Bankruptcy

·

01 Dec 2019

Proper advice could save your life

READ TIME

4 min

Self-misdiagnosis and self-treatment malpractice!


We’ve all heard of Dr Google, the 21st century art of turning to the internet to diagnose medical conditions. I mean it makes perfect sense when you think about it. What’s the value of seeing highly-qualified, experienced doctors when you can self-diagnose with an internet search engine, relying on some anonymous and potentially erroneous webpage to cure literally any ailment 24 hours a day—for free!

Perhaps the same equally applies to solving a financial dilemma. I’d like to think that this is the explanation for our poor old bankrupt who pretty much wasted seven years and paid over three times more than he probably had to, just to try and avoid paying anything at all.  Dr Google_OTP

Our story begins in 2010. The soon-to-be bankrupt was a company director facing creditor pressure due to owing a supplier approximately $82,000, backed by a personal guarantee. Long story short, the bankrupt apparently obtained advice that he should:

  • Transfer his sole ownership over real property for a $500,000 interest for ‘natural love and affection’ to his wife.

  • Use his power of attorney on behalf of his ailing parents, to sign and lodge a mortgage over the now transferred property for $750,000 as a “secured” loan purportedly provided 15 years earlier to the bankrupt (not the wife who now owned the property).

  • Let his company go into liquidation.

  • Allow the supplier to obtain a default judgment for the $82,000.

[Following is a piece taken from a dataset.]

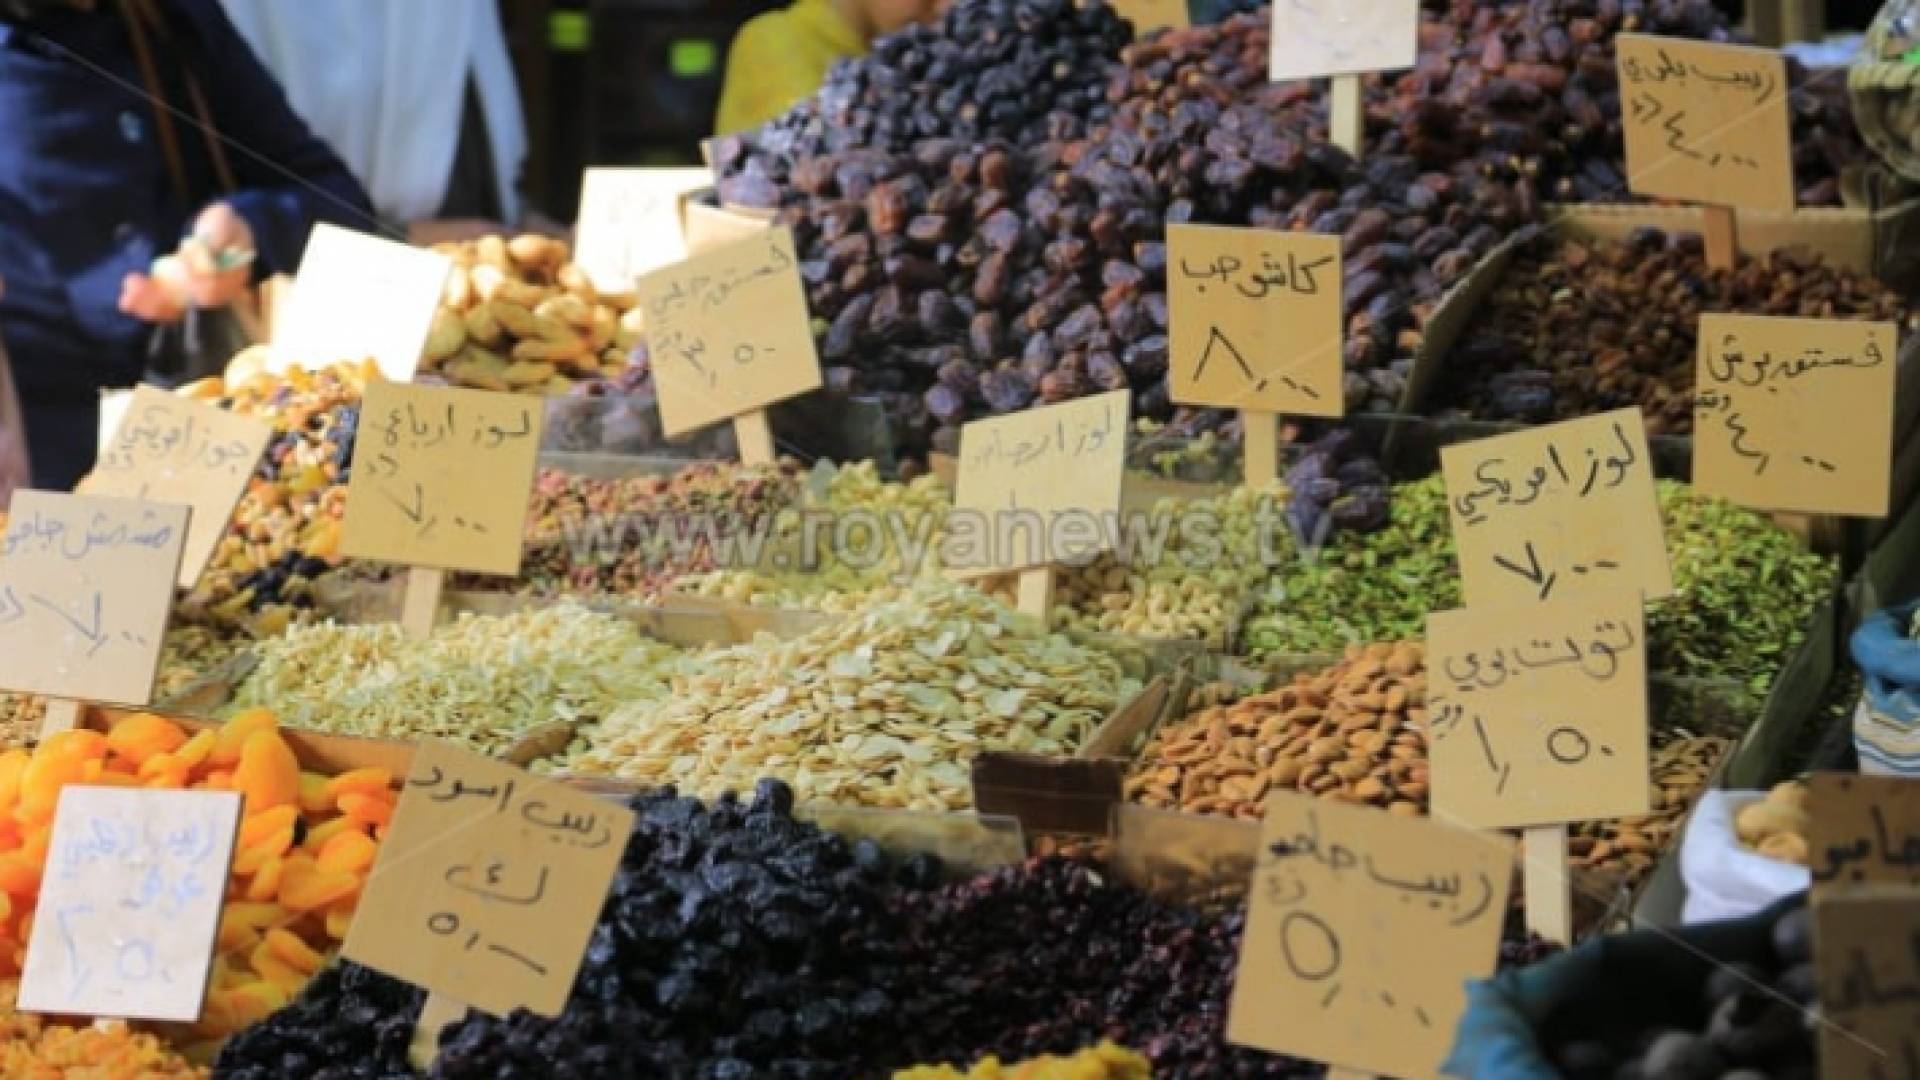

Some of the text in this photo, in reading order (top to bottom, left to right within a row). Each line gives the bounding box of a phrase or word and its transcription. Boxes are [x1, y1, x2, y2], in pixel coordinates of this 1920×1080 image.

[1179, 251, 1336, 298] كاشو حب
[471, 408, 530, 450] لوز
[1579, 421, 1638, 499] لوز

  • Lodge a debtors’ petition with the Australian Financial Security Authority (AFSA) owing around $200,000 in total (no mention of the $750,000 loan owing to the parents).


AFSA accepts the debtors’ petition in 2012 and subsequently transfers the appointment to our office. Unsurprisingly, we determine that the real property transfer is voidable as an undervalued transaction, having occurred four weeks before going bankrupt. Despite numerous attempts to get the supporting documentation and/or talk to us to resolve the claim, we are pretty much ignored. We sought indemnity funding from creditors to pursue voiding the transfer, but a potential 100 cent return didn’t seem that appealing. So, with no money, and no indemnity, we gently pursued the matter as best we could.

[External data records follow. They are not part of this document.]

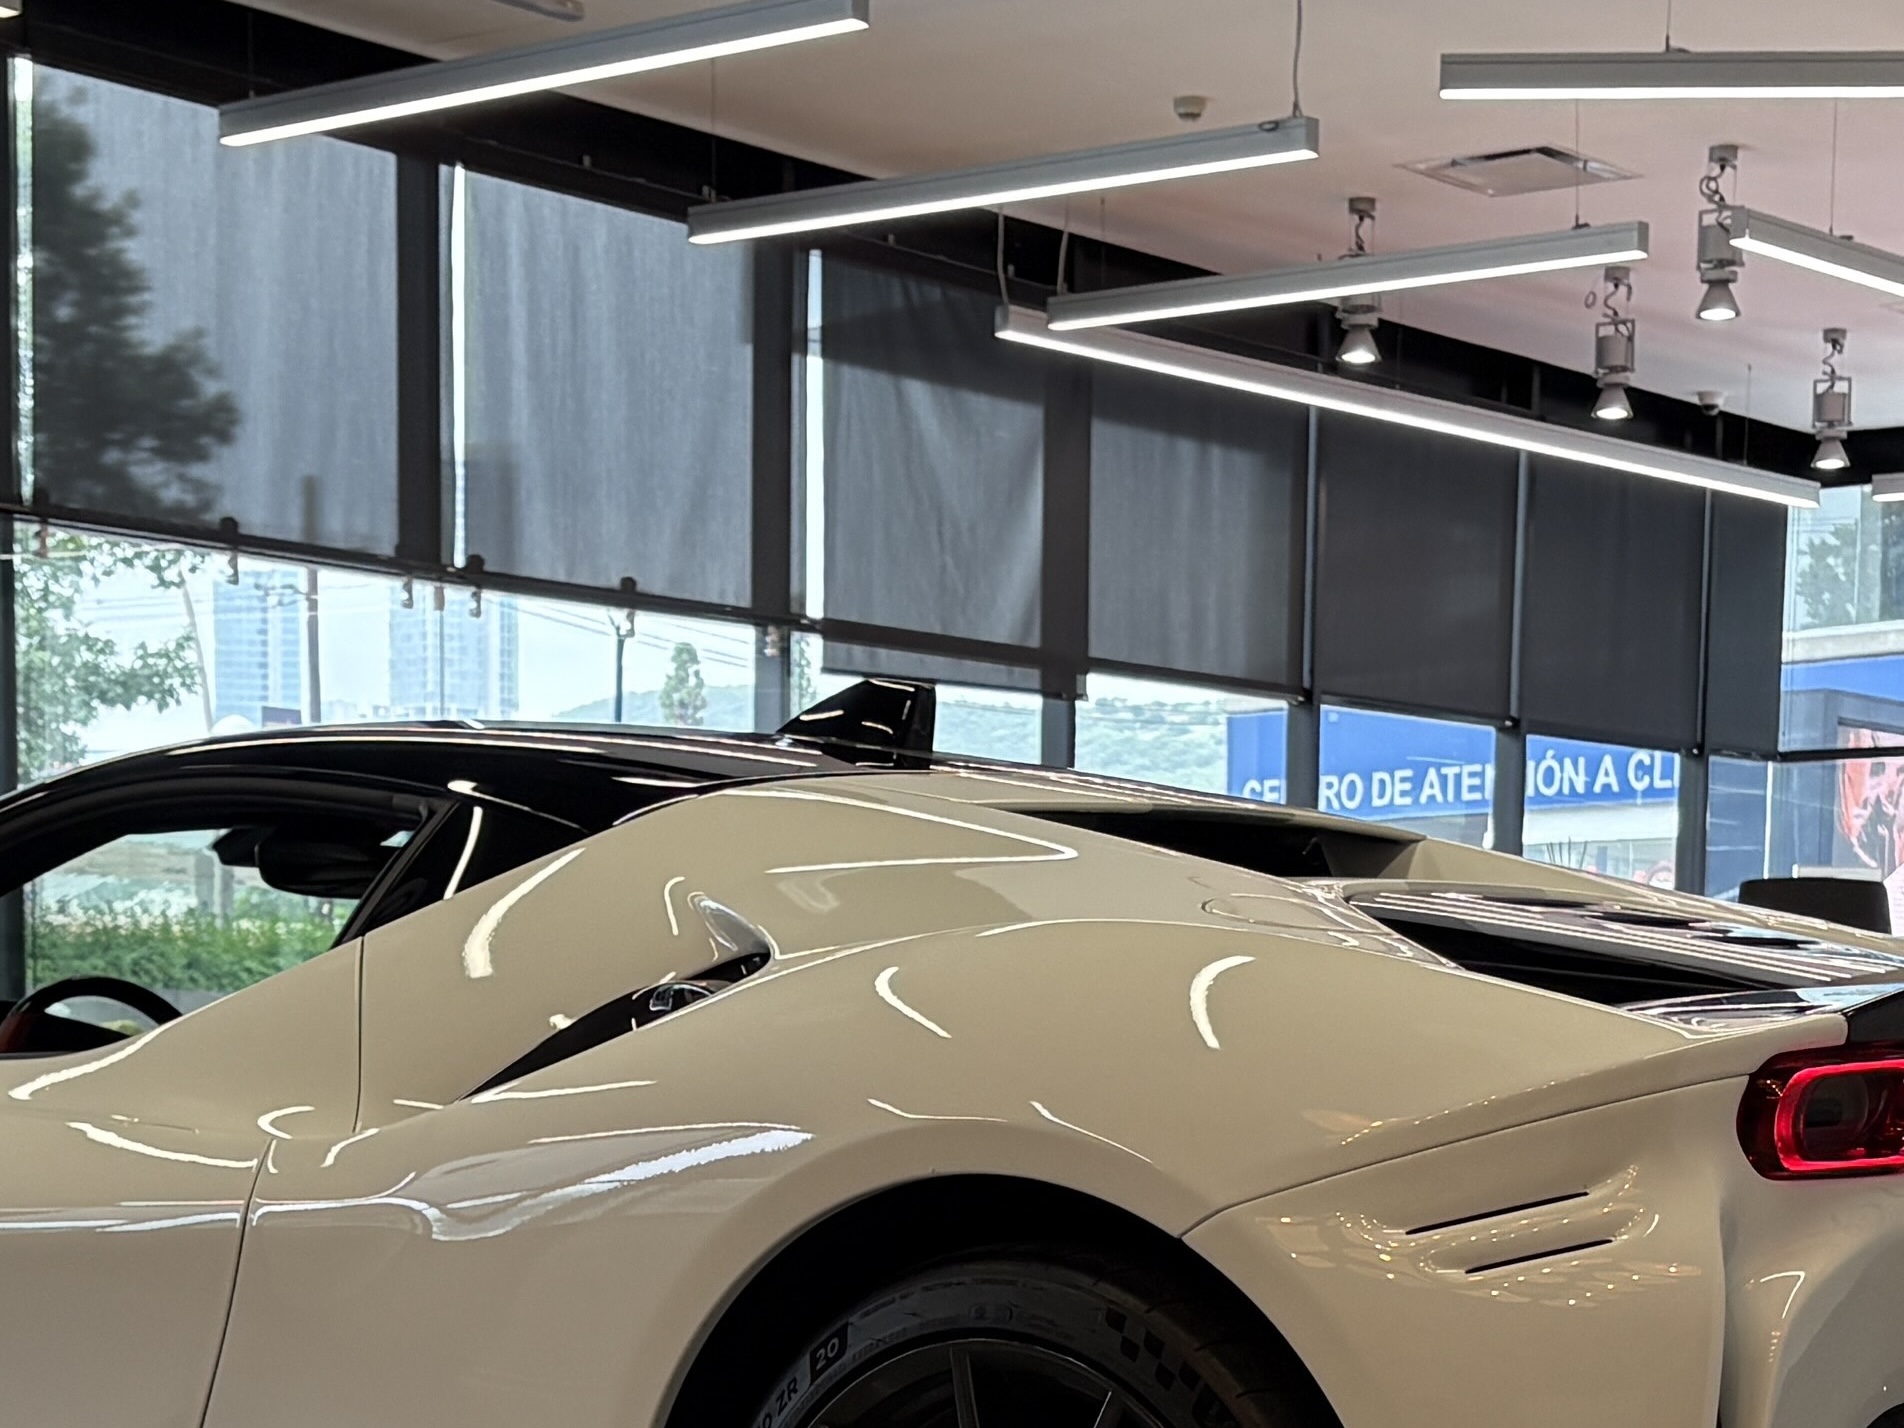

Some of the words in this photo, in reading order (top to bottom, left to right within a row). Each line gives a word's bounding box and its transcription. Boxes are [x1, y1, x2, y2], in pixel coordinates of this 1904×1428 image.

[1242, 775, 1363, 811] CERO
[1371, 769, 1413, 808] DE
[1593, 754, 1620, 793] A
[777, 1376, 800, 1418] ZR
[814, 1335, 842, 1372] 20

Fast forward to May 2018, nearly six years since the bankruptcy commenced and almost three years since his discharge, in view of the threat of legal proceedings finally compelled the bankrupt’s wife to attend a mediation. Within an hour, the matter is settled in favour of the bankruptcy trustees for $200,000 in exchange for the real property interest claim. Interestingly, it was the same value of the creditors’ claims in the bankrupt estate excluding the parent’s “claim” that fell away under the settlement terms. This achieved the bizarre result of recovering an amount equivalent to the value of creditors that appeared, based on some optimistic and ill-informed advice, the bankrupt had tried everything to avoid paying six years earlier.

Now we must formally adjudicate on the claims lodged against the estate including the claim subject to a default judgement. Turns out, of the $200,000 the bankrupt originally owed:

  • he’d paid $80,000 anyway to a key supplier post-appointment, so that creditor withdrew their claim

  • $40,000 for credit cards

  • $82,000 subject to the default judgement…or was it?


In scrutinising the documentation in respect of the $82,000 claim we found various inconsistencies between the chain of supply and invoicing. Ultimately, the invoices totalling $82,000 was not subject to the personal guarantee. This begged the question: did we as bankruptcy trustee need to admit the default judgment claim?

Turns out the answer was “no”.

Endgame is, after paying the $200,000 settlement he:

  • Went bankrupt over (largely) a default judgement debt he didn’t legally owe.

  • Missed out on a potential bankruptcy annulment through a section 73 proposal or by way of annulment by payment of all his creditors.

  • Ended up only owing $40,000 in respect to his estate creditors.


Unfortunately, this is a situation we see all too often: people not seeking advice from their accountant, a solicitor or their friendly Worrells insolvency specialist. Instead, someone at the pub or that friend that “did the same thing and nothing happened” or some so-called expert whose name pops up in a Google search selling the dream solution to a problem. I think this outcome is probably more of a nightmare than a dream if you ask me.